A.C. 1532-bis-A
Grazie, Presidente. Intervengo in dichiarazione di voto per il mio gruppo sull'articolo 19, di cui abbiamo discusso attraverso gli emendamenti che sono stati presentati in Aula. Lo ricordo di nuovo: la pratica delle dimissioni in bianco è stata una delle prime cambiali pagate nel 2008 dal Governo Berlusconi a chi pensava che con quella maggioranza e con quel Governo si potesse tornare a sfruttare i lavoratori. È stato un regalo fatto soprattutto sulla pelle delle donne, perché le donne, per le tante ragioni che abbiamo ricordato anche oggi, sono le prime a essere costrette a firmare le dimissioni in bianco e, poi, a lasciare il loro lavoro, magari per l'arrivo di un figlio, spesso per un lavoro di cura che le costringe a occuparsi della famiglia e a sopperire a un welfare che è sempre carente.
Era un'ingiustizia a cui abbiamo messo fine nel 2015, con una legge che ripristinava regole per i datori di lavoro e che voi oggi, con questo provvedimento, siete tornati a limitare nella portata e nell'efficacia.

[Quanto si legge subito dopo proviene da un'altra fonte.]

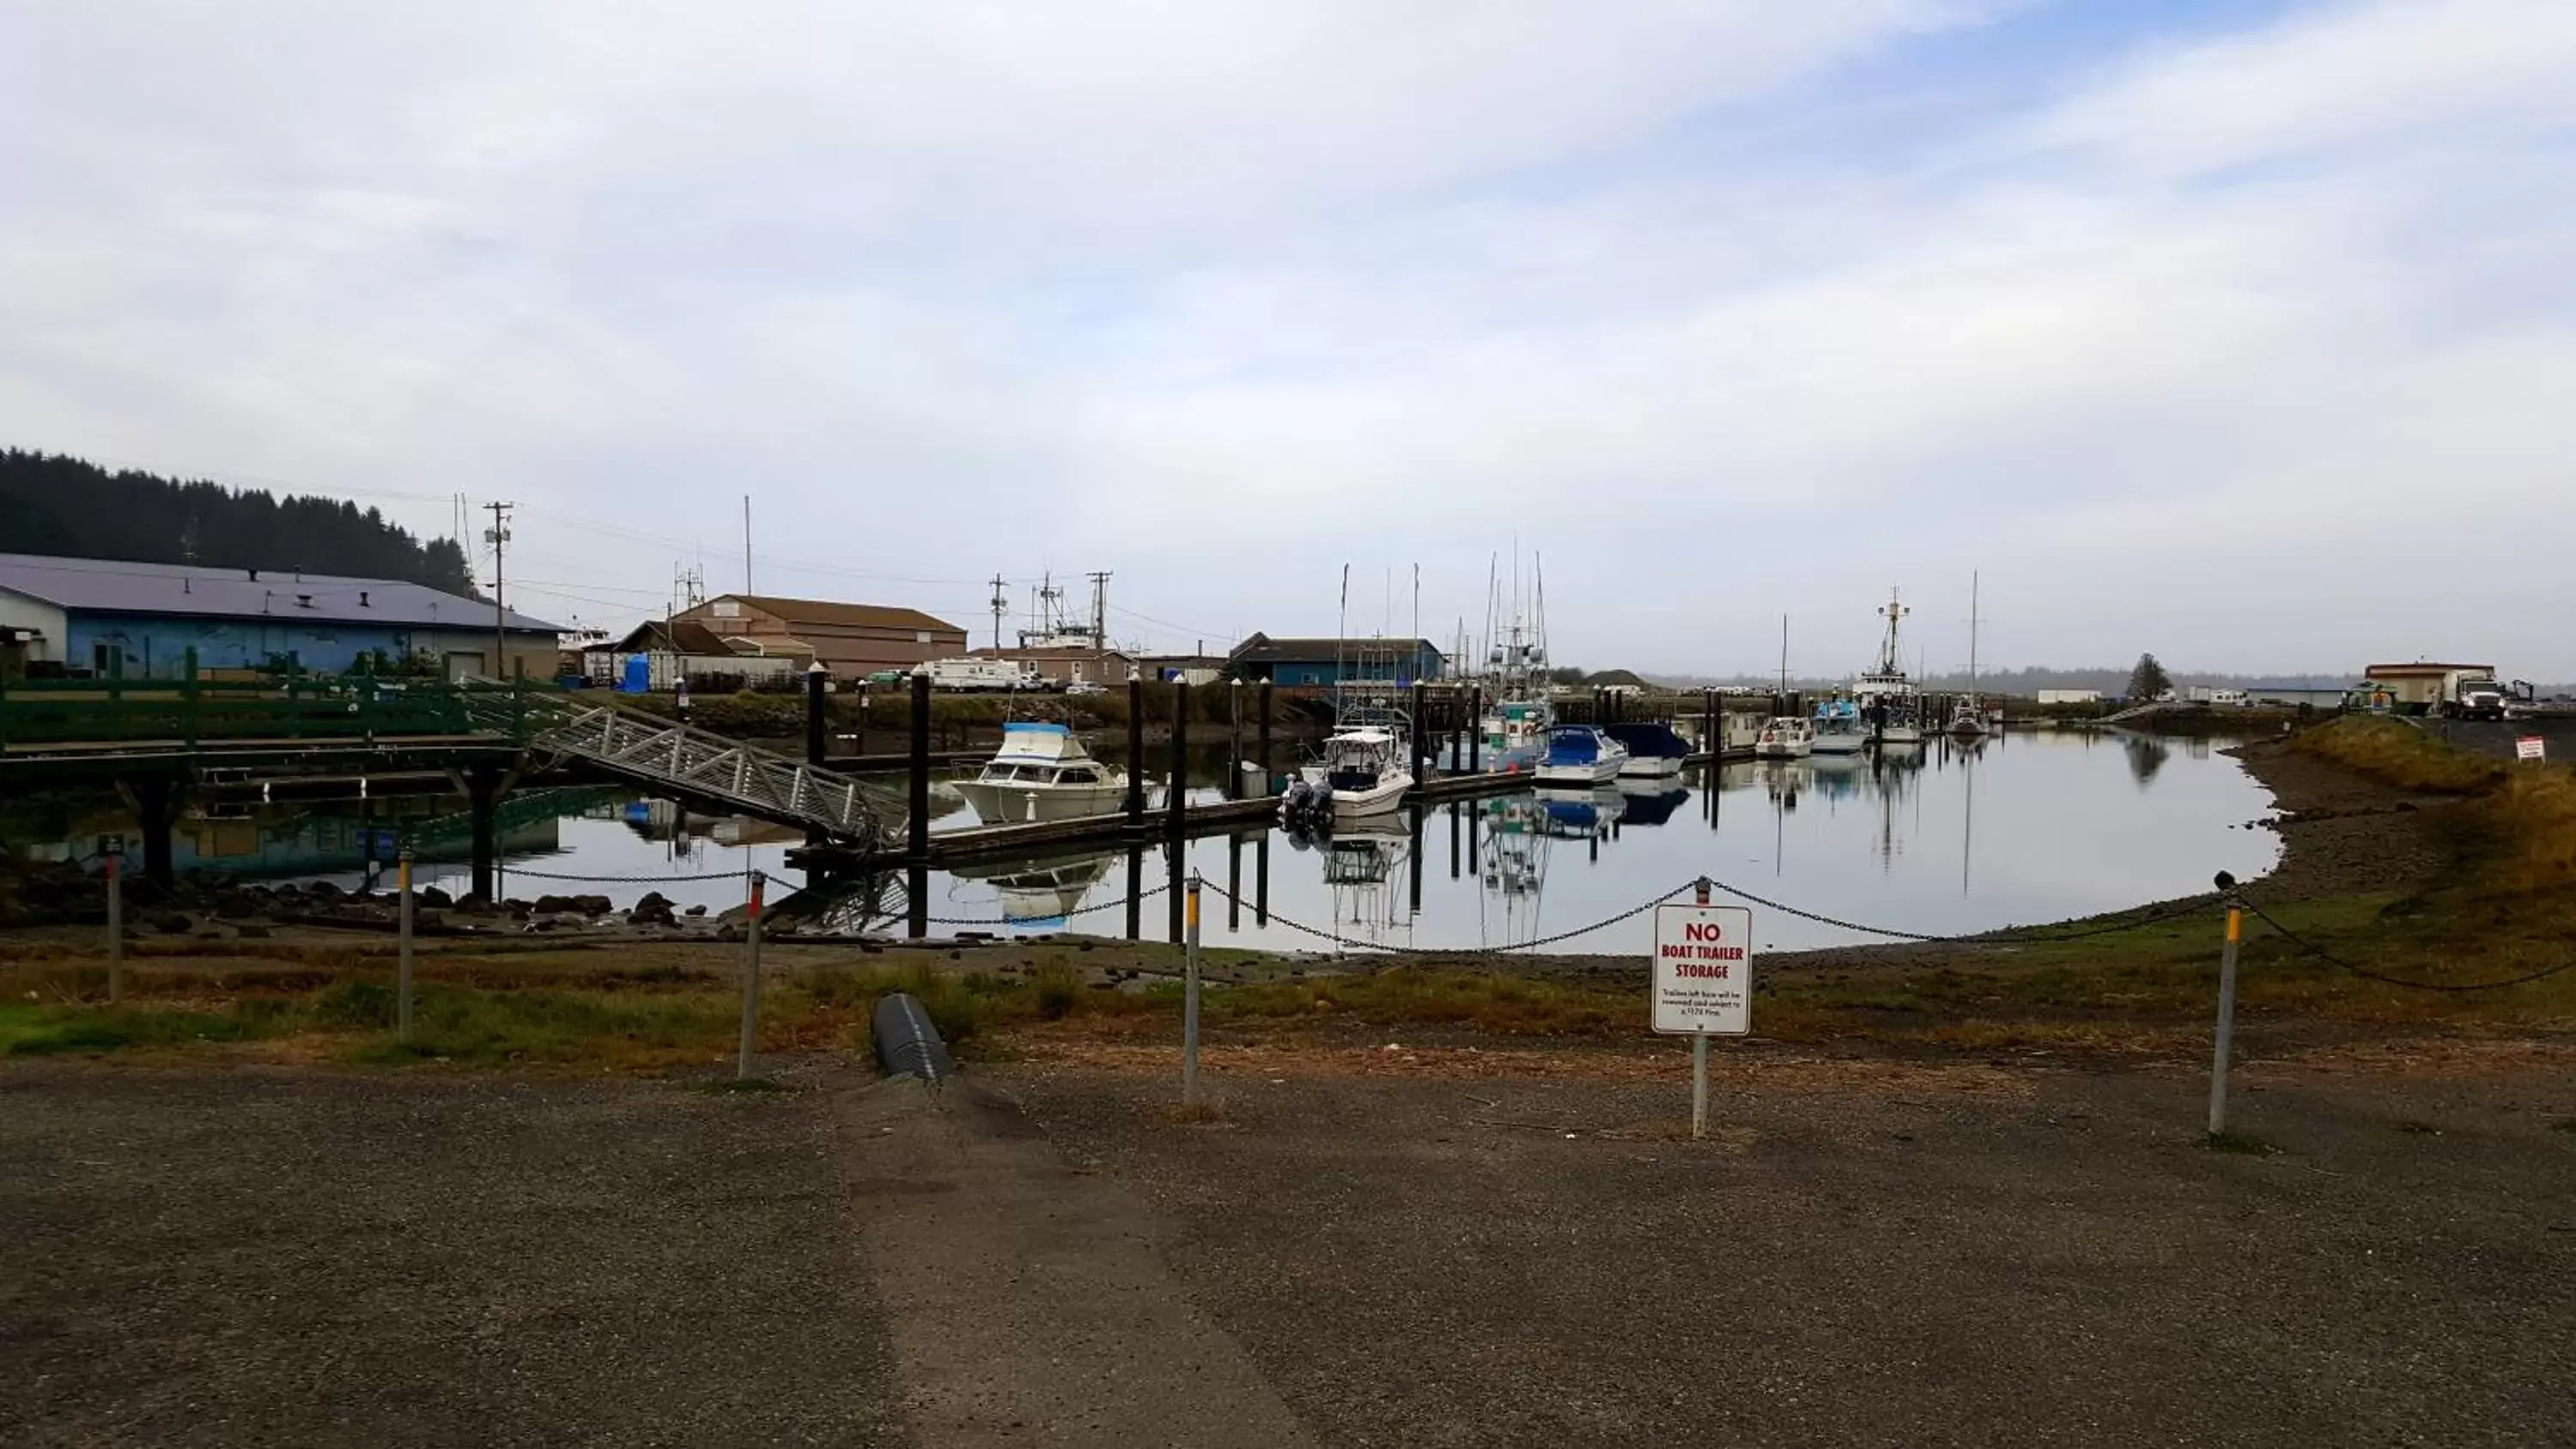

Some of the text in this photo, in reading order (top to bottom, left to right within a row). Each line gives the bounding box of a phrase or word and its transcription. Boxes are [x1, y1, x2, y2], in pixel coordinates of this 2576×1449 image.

[1686, 922, 1721, 942] NO
[1662, 944, 1744, 961] BOAT TRAILER
[1675, 964, 1728, 979] STORAGE

In Commissione siamo riusciti a far approvare alcuni emendamenti che riducono, almeno in parte, gli effetti negativi di questa disposizione, ma questo capitolo non doveva essere riaperto.
Era un capitolo chiuso, un diritto che avevamo ottenuto e che non aveva alcuna necessità di essere riaperto in questo modo, perché ridurre i tempi e i sistemi di controllo da parte degli ispettorati del lavoro diventa il modo più naturale per sfruttare, per esporre lavoratori e lavoratrici e renderli più deboli e più indifesi, soprattutto quelli più fragili. Diventa il modo per allontanare dal lavoro un lavoratore o una lavoratrice senza alcun riconoscimento di indennità, perché la nascita di un figlio, una malattia o un infortunio diventano un modo subdolo per allontanare e licenziare indiscriminatamente una persona.

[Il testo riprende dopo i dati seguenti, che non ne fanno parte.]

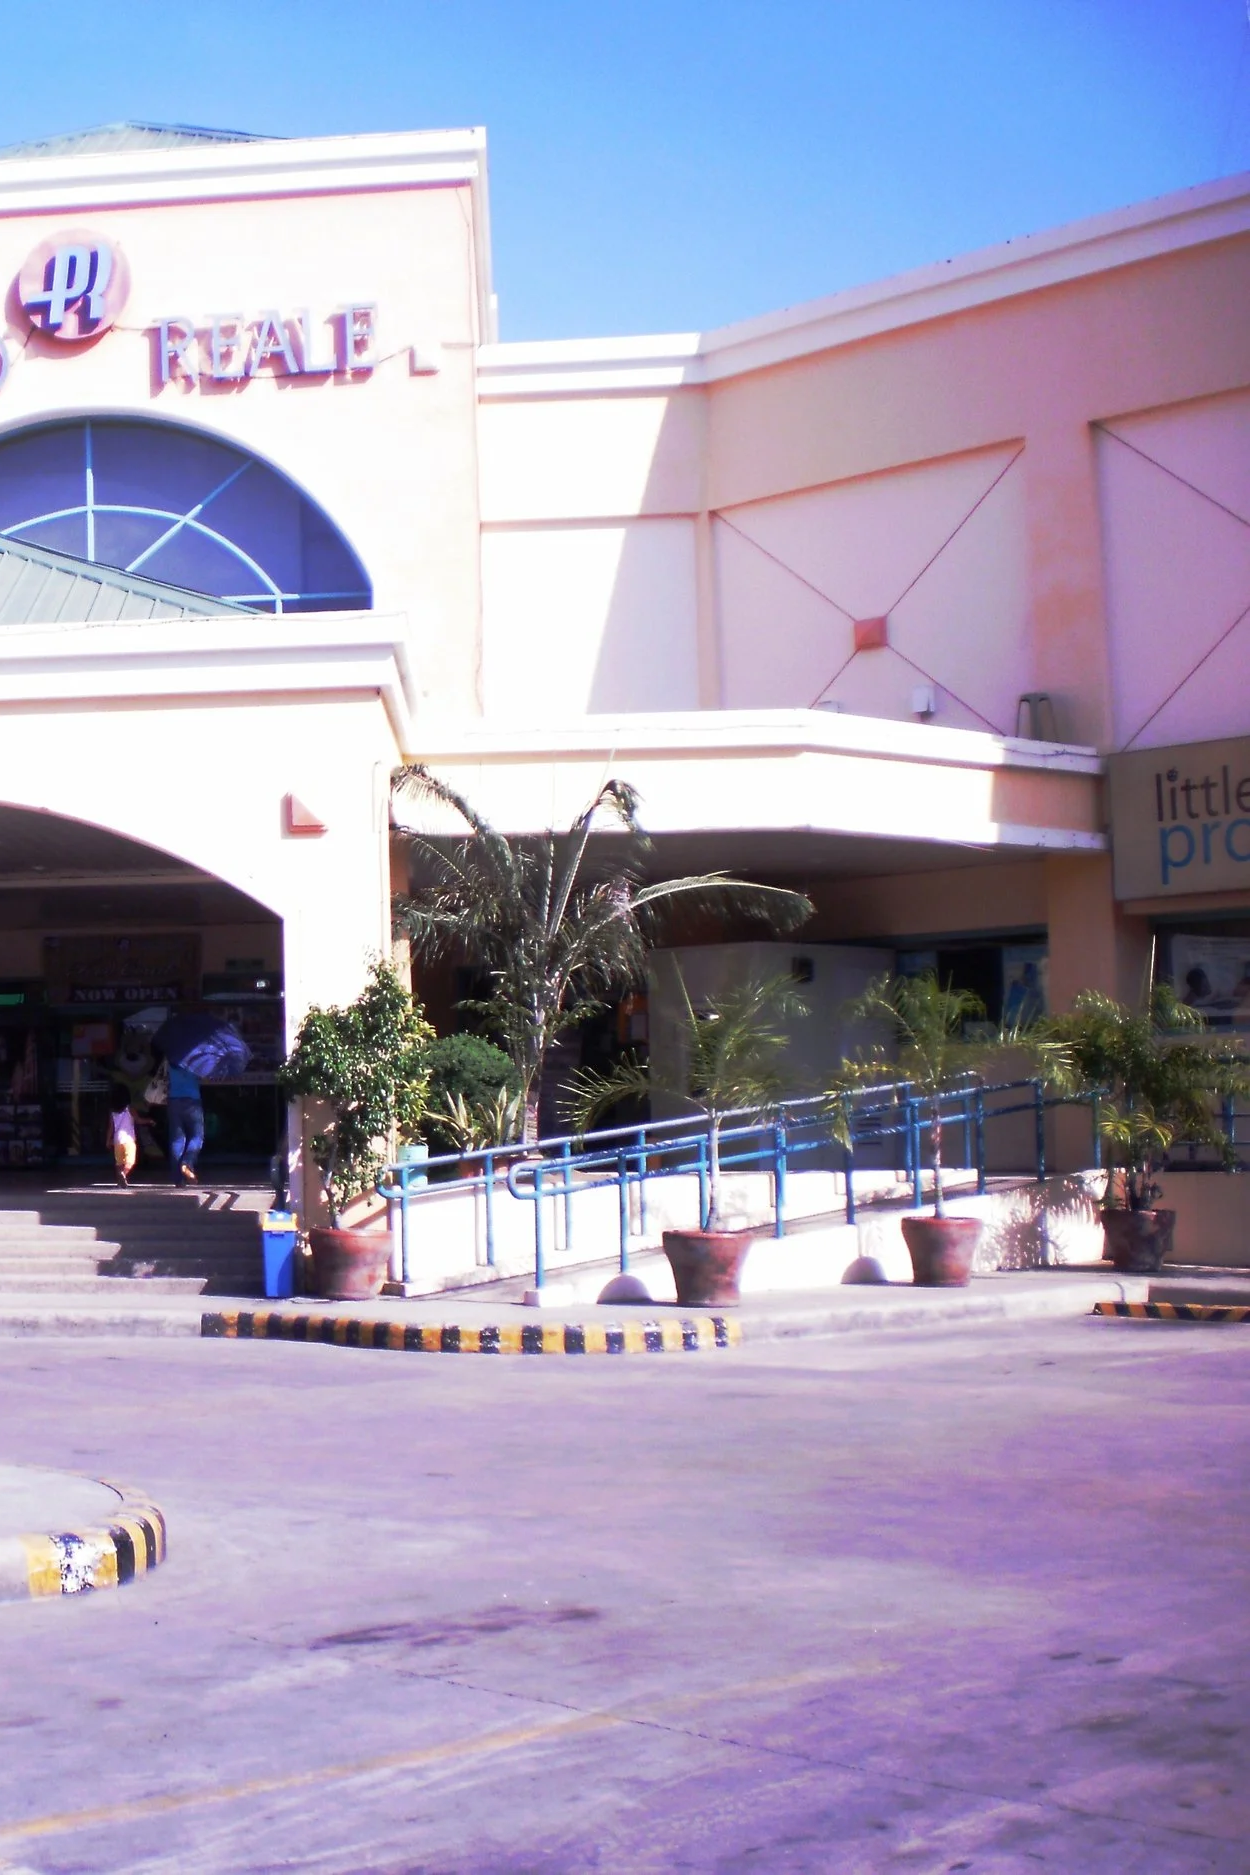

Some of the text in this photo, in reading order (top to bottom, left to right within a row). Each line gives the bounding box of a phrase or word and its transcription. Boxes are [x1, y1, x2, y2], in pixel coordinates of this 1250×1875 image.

Avete ripristinato, pezzo dopo pezzo, una delle piaghe più sommerse e invisibili del mercato del lavoro in Italia. Si tratta di una clausola nascosta, che prima del 2016 colpiva due milioni di lavoratrici e di lavoratori e che nell'80 per cento dei casi restava un reato taciuto e, quindi, impunito.
Insomma, in questo collegato Lavoro avete sferrato un ennesimo attacco ai diritti delle lavoratrici e dei lavoratori, ma anche alle imprese sane, quelle che vogliono che la regolazione dei rapporti con i propri dipendenti e con i lavoratori sia fatta in modo trasparente, nella certezza del diritto e non dell'arbitrio. Si tratta di un passo indietro e un passo ingiustificato.

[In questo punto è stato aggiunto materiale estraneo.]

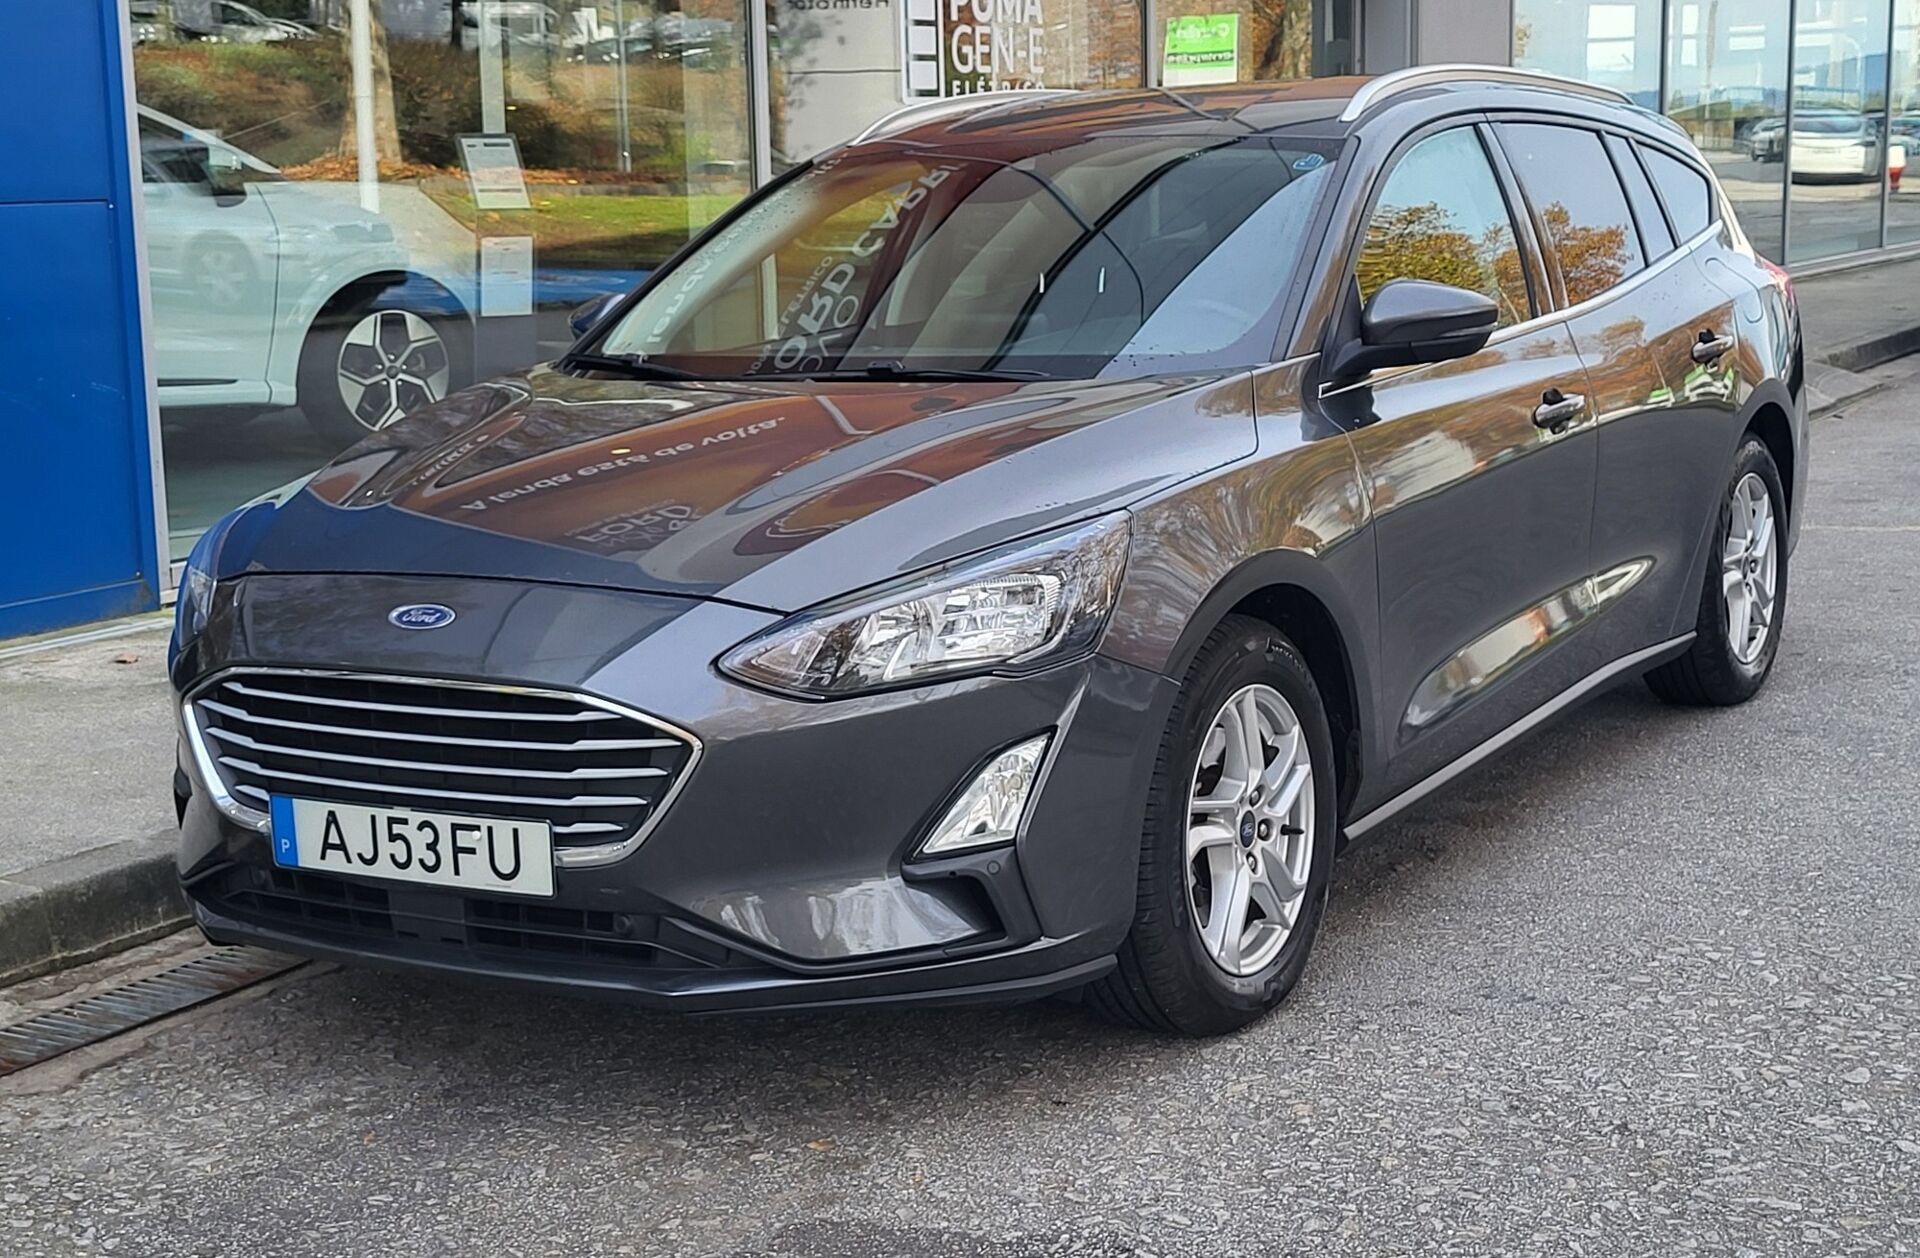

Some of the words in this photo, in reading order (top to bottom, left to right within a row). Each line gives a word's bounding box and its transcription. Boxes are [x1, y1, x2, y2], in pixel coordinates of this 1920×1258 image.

Del resto, lo abbiamo detto, questa misura colpisce lavoratori e lavoratrici, ma soprattutto lavoratrici. Come sappiamo bene, alla donna italiana, anche se madre e cristiana che lavora e che Meloni aveva promesso di difendere, viene limitato un altro diritto. Questa è la cifra che ha caratterizzato l'azione del vostro Governo. Lo abbiamo visto in quest'Aula, con una battaglia che ha visto riproporre, ancora una volta, un diritto sacrosanto, quello di una retribuzione giusta e dignitosa. Non solo avete voltato, ancora una volta, le spalle a milioni di lavoratori poveri, bocciando la proposta sul salario minimo, ma questo si va a sommare a una serie di misure sul lavoro che abbiamo visto in questi due anni di Governo: il peggioramento delle condizioni di accesso alla pensione - altro che la cancellazione della legge Fornero -, la liberalizzazione dei contratti a termine e, qui, del lavoro per somministrazione. Si tratta di misure pasticciate e del tutto insufficienti sul fronte della sicurezza sul lavoro, ne parleremo anche dopo.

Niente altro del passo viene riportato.